VICTORIA -- British Columbia's thriving real estate market has helped the provincial government post a budget surplus of more than double the original forecast, Finance Minister Mike de Jong said Thursday.

The final public accounting for the fiscal year that ended March 31 reveals a surplus budget of $730 million and economic growth of three per cent, well above the Canadian average, he said. De Jong had forecast a surplus of $284 million in last February's budget.

Revenues increased by $1.5 billion over the year, due primarily to increases in federal contributions and personal income and corporate taxes, but the largest percentage increase was in property transfer taxes, which the government charges on residential and commercial real estate deals, the minister said.

"This is clearly a significant part of the budget and has generated significant revenue, but the economy is performing well almost across the fold," de Jong said.

The public accounts show property transfer tax revenues grew by $468 million over last year, a jump of 43.9 per cent. The report stated the province received $1.5 billion in property transfer tax revenues in 2015-2016, up from $1 billion in 2015-15.

De Jong indicated property transfer tax revenues have continued to increase since last March and a further financial update will be made in September.

"It's clear that property transfer tax revenues are up," he said during a news conference. "It is clear from the report I have just given you, I have indicated that the trend is continuing."

The Liberals have recalled the legislature next week to deal with housing and real estate troubles that have been plaguing some parts of the province.

B.C. politicians will debate legislation that would allow the city of Vancouver to impose a vacancy tax in an effort to increase the availability of rental properties. Vancouver's vacancy rate is below one per cent and the average price for detached homes is above $2 million and rising in some neighbourhoods.

De Jong said the property transfer tax revenues are providing the government with increased spending options, but he didn't make any program announcements.
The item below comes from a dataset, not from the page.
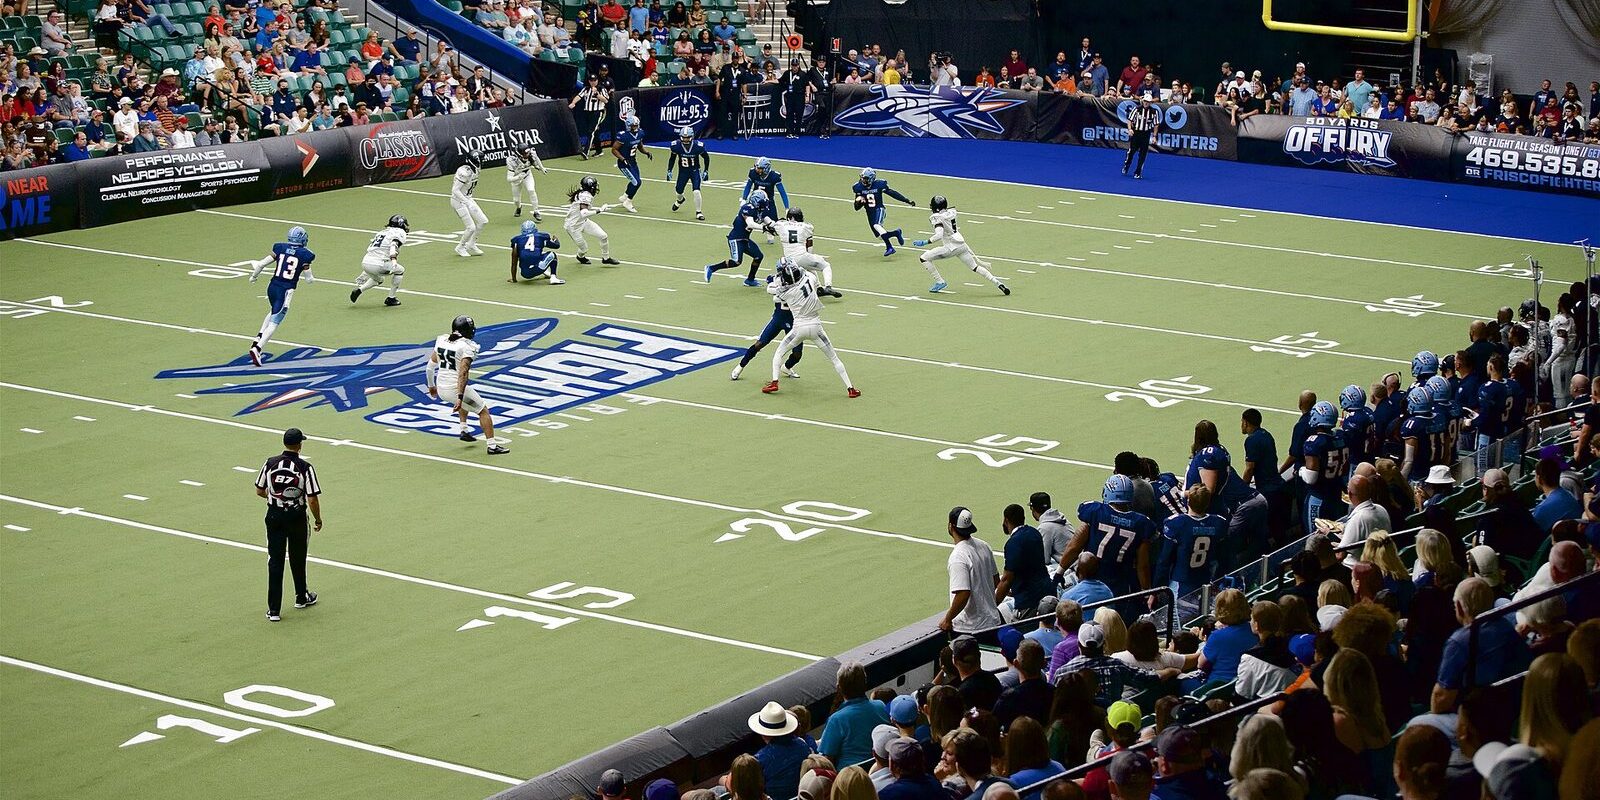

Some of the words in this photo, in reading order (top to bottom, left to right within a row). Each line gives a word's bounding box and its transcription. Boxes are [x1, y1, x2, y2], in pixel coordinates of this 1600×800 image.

"I do think we need to be cautious about making assumptions that these levels of returns will continue in perpetuity," he said. "I don't think they will."

De Jong said he believes building more homes as opposed to taxing existing properties is the way through the current crunch.

"Let us not make the mistake of assuming governments are going to tax our way out of the challenges for people owning a home," he said. "Let's give them something to buy."

British Columbia's real estate market is of enormous economic value to the province, with the Finance Ministry reporting the total value of commercial and residential real estate sold in 2015-2016 at $93.67 billion.